Solitary pulmonary nodules (SPN) remain a common and difficult diagnostic problem. These usually appear as a small, roughly circular object in the lungs (sometimes literally referred to as a spot on the lungs). However, solitary nodules are not always cancerous and have many different causes including primary lung cancers, metastases from cancers at other primary sites and benign (non-cancerous) lesions that include benign tumors, infections, scarring, etc. In addition, cancerous and non-cancerous nodules are almost equally likely. In one large study, 44% of all SPNs observed on CT were benign.

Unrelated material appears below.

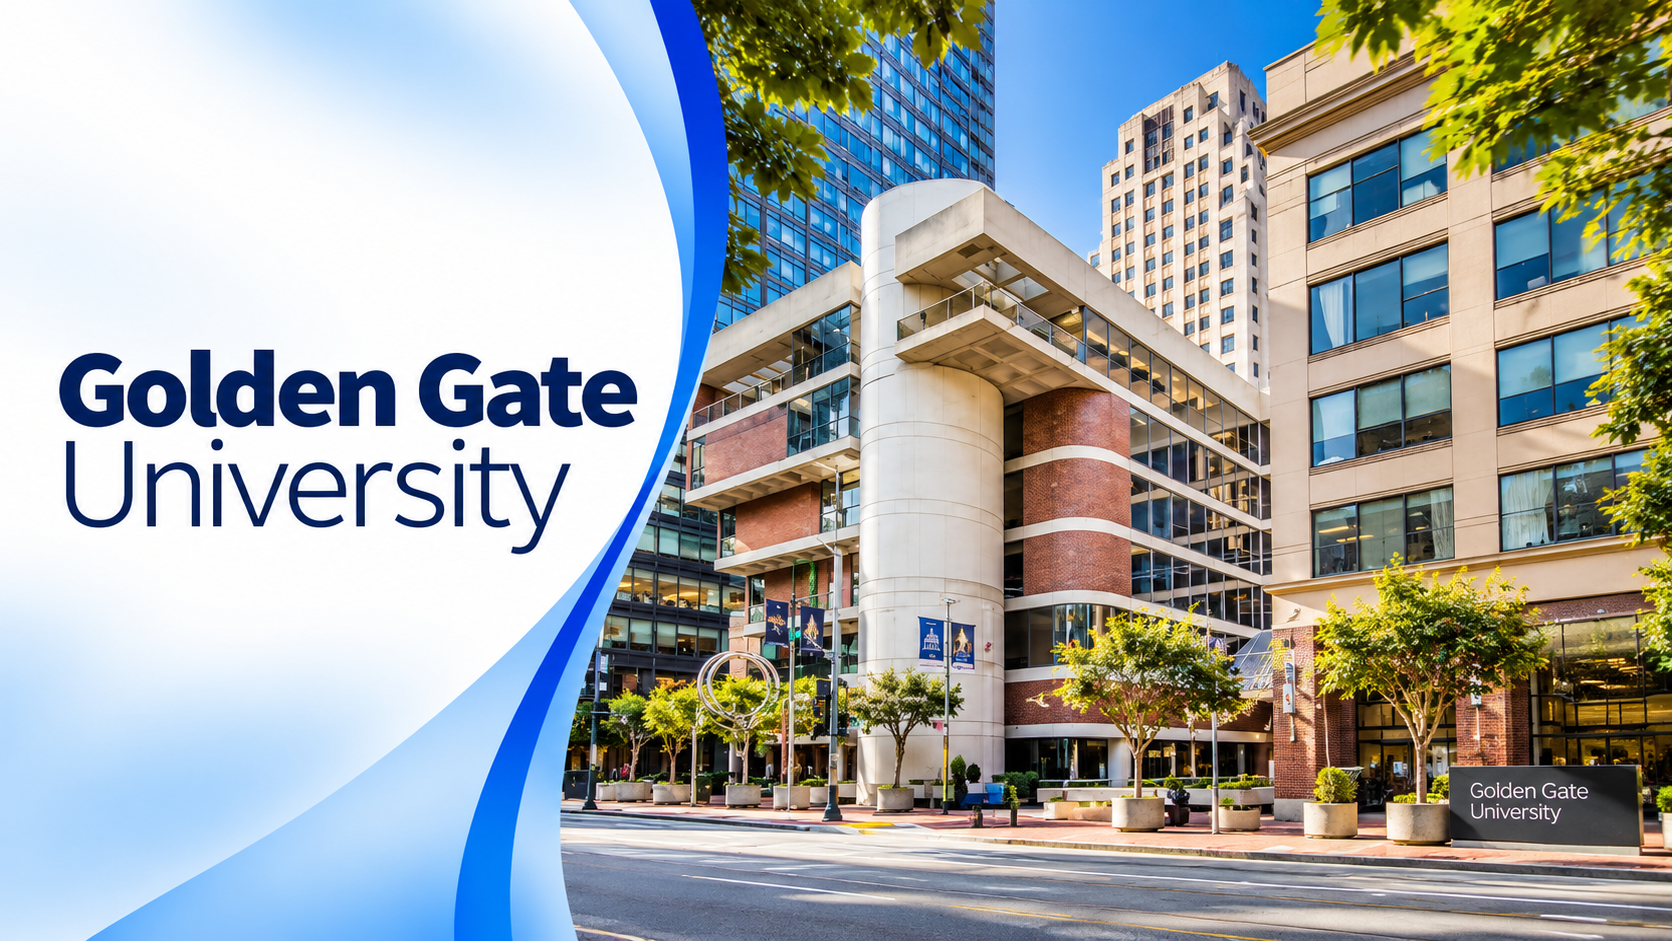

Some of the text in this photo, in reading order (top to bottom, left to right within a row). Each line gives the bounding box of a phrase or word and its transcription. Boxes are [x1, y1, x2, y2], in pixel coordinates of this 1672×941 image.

[1470, 781, 1589, 800] Golden Gate
[1470, 802, 1562, 825] University
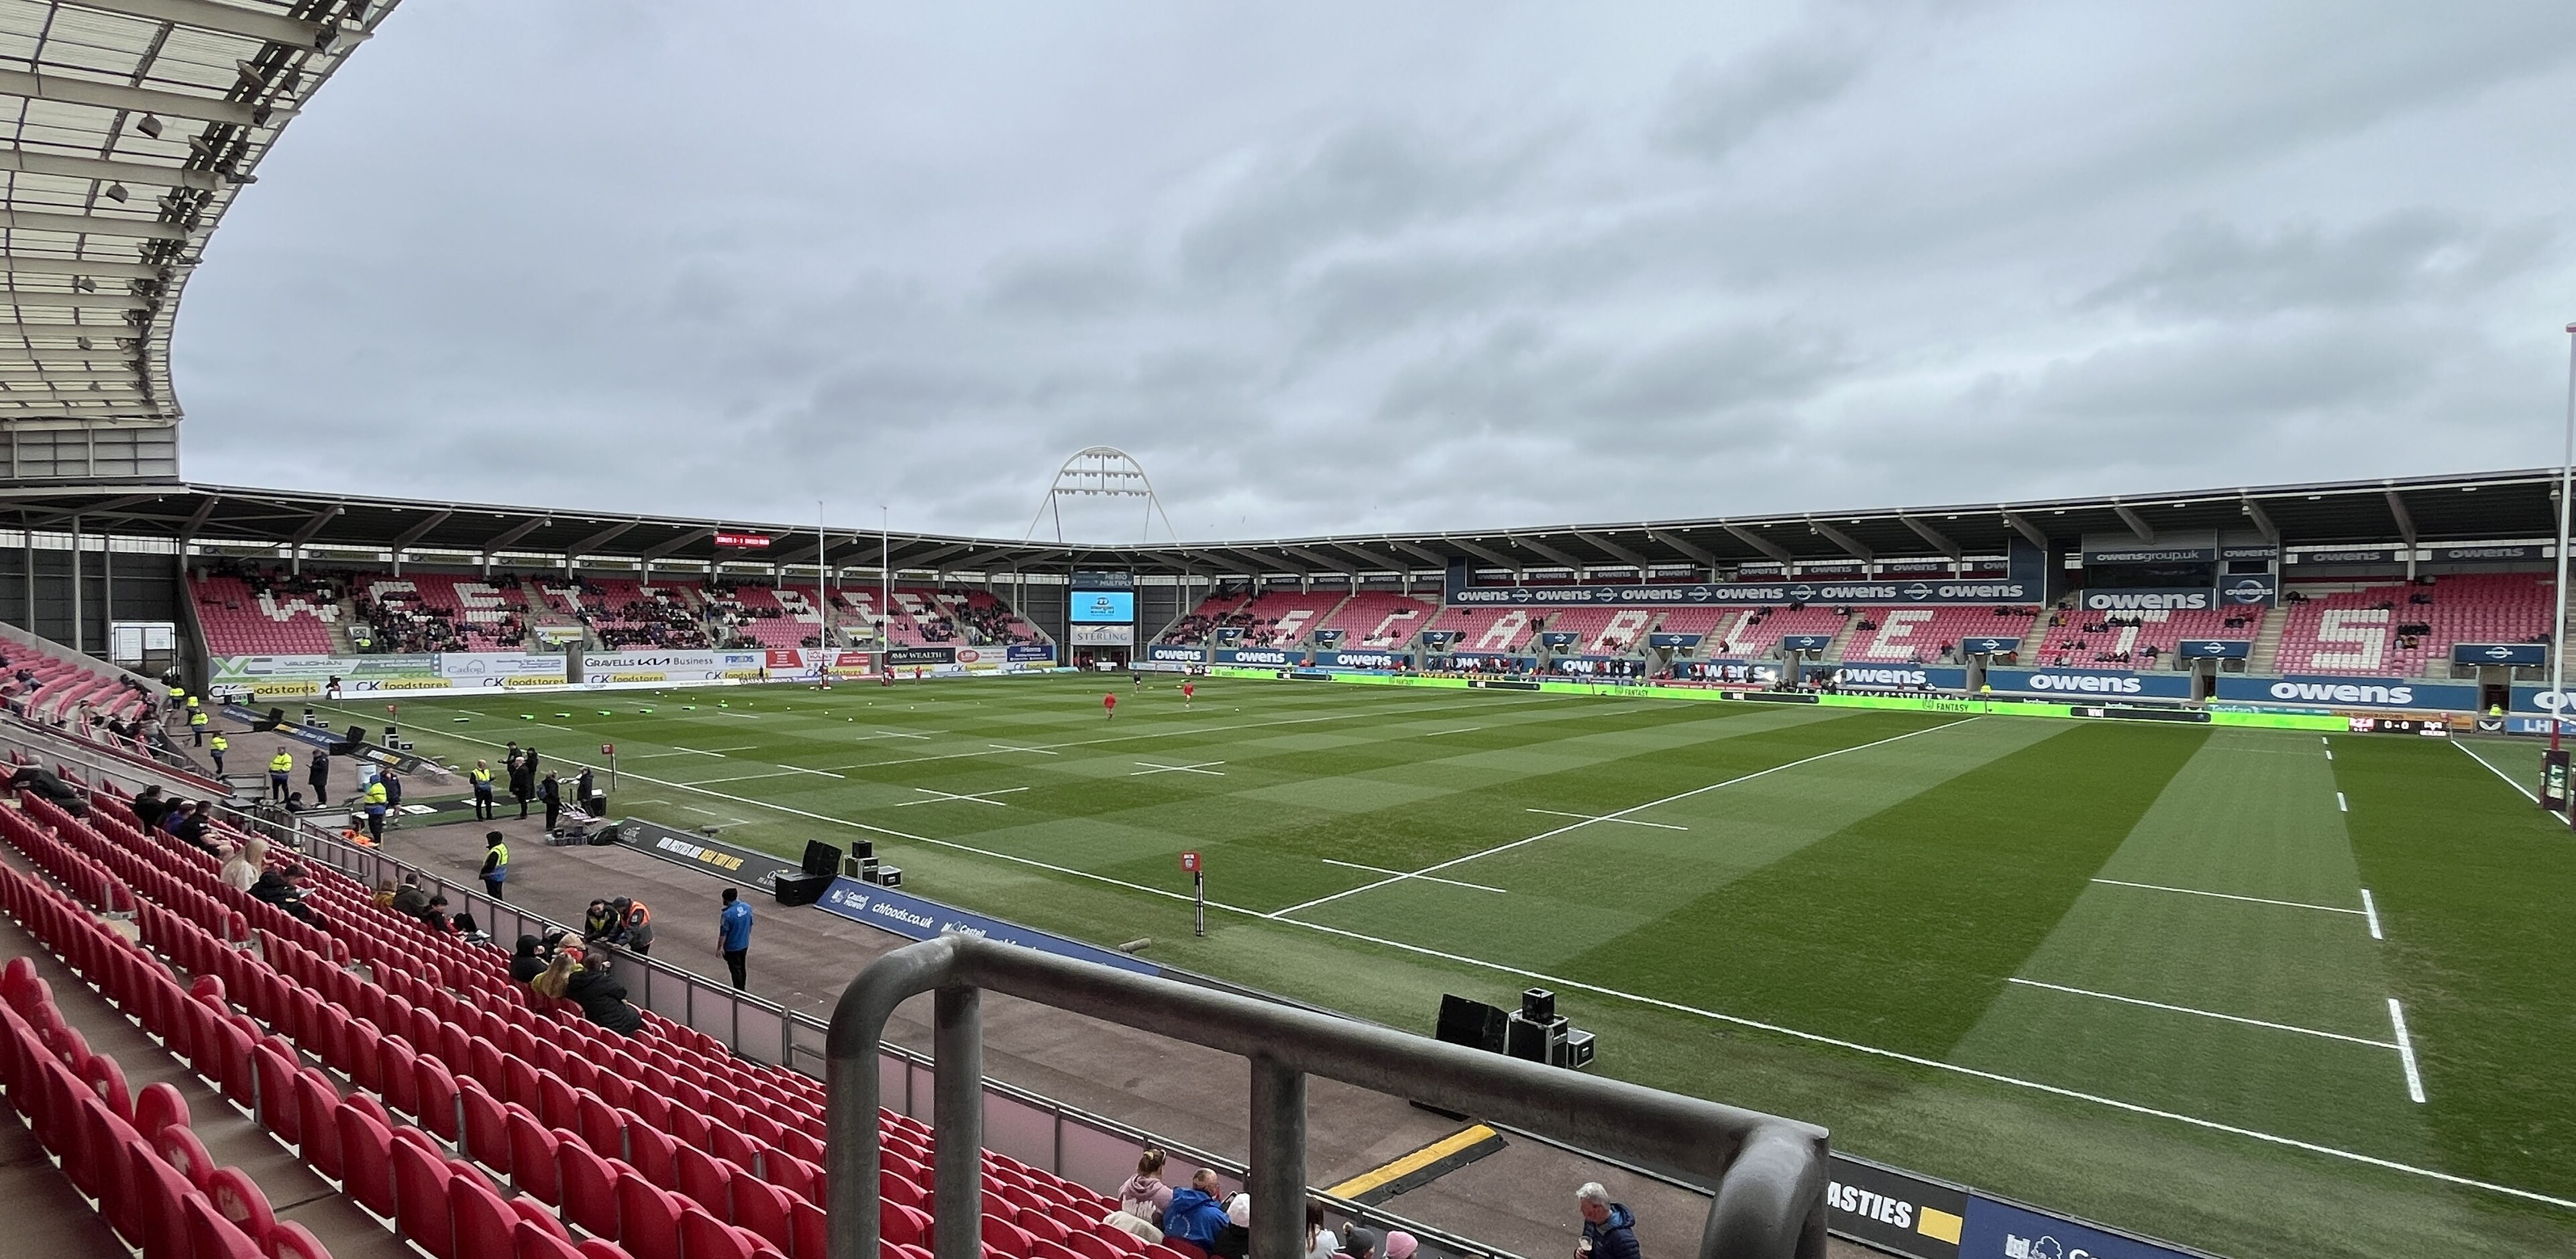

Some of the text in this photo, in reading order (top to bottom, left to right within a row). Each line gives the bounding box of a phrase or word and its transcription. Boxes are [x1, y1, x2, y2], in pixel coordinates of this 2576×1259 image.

Unfortunately, there are few agreed upon image findings to distinguish benign from malignant nodules; the only nodules that are called benign with any degree of confidence are those with certain specific patterns of calcifications.
In the United States, lung cancer screening programs have recently commenced at many institutions primarily due to the research published in the United States, Japan and Germany. These programs all use CT imaging to detect lung nodules at an early enough stage so that treatment options can be effective. These screening programs are actively discovering solitary nodules in their population, and a significant number (up to 90% in one study) will turn out to be benign.
When a patient has an SPN detected, some follow-up tests will be performed to determine whether that nodule is cancerous or not. Typically, a computed tomography (CT, sometimes known as CAT) scan is used as a follow-up procedure to look for calcifications or other findings that may indicate whether the SPN is cancerous or not. If the results of that scan are not clear, then other options may include (in order of increasing invasiveness):
• Follow-up using a chest X-ray, another CT scan or, in some institutions, a positron emission tomography (PET) scan (if the nodule is > 1.5 cm in diameter). The PET scans are used to determine if the SPN has a high rate of metabolic activity that is associated with cancers. Two years of follow-up using chest x-ray or CT scans with no increase in the size is a common indicator of a benign nodule.
• Biopsy – an invasive procedure in which a small needle is inserted through the chest wall, into the nodule to obtain a tissue sample which is then analyzed to determine whether its cells are cancerous or not. This procedure has an accuracy rate that ranges from 60-95%, but has some risk of complication because the lungs are penetrated.
• Surgery – an invasive procedure in which the surgery is performed to penetrate the lungs and remove the suspect nodule.
While biopsy and surgery may ultimately determine the nodule’s diagnosis, recent studies have shown that up to 52% of SPNs that underwent biopsy were benign, and therefore, possibly could have been avoided.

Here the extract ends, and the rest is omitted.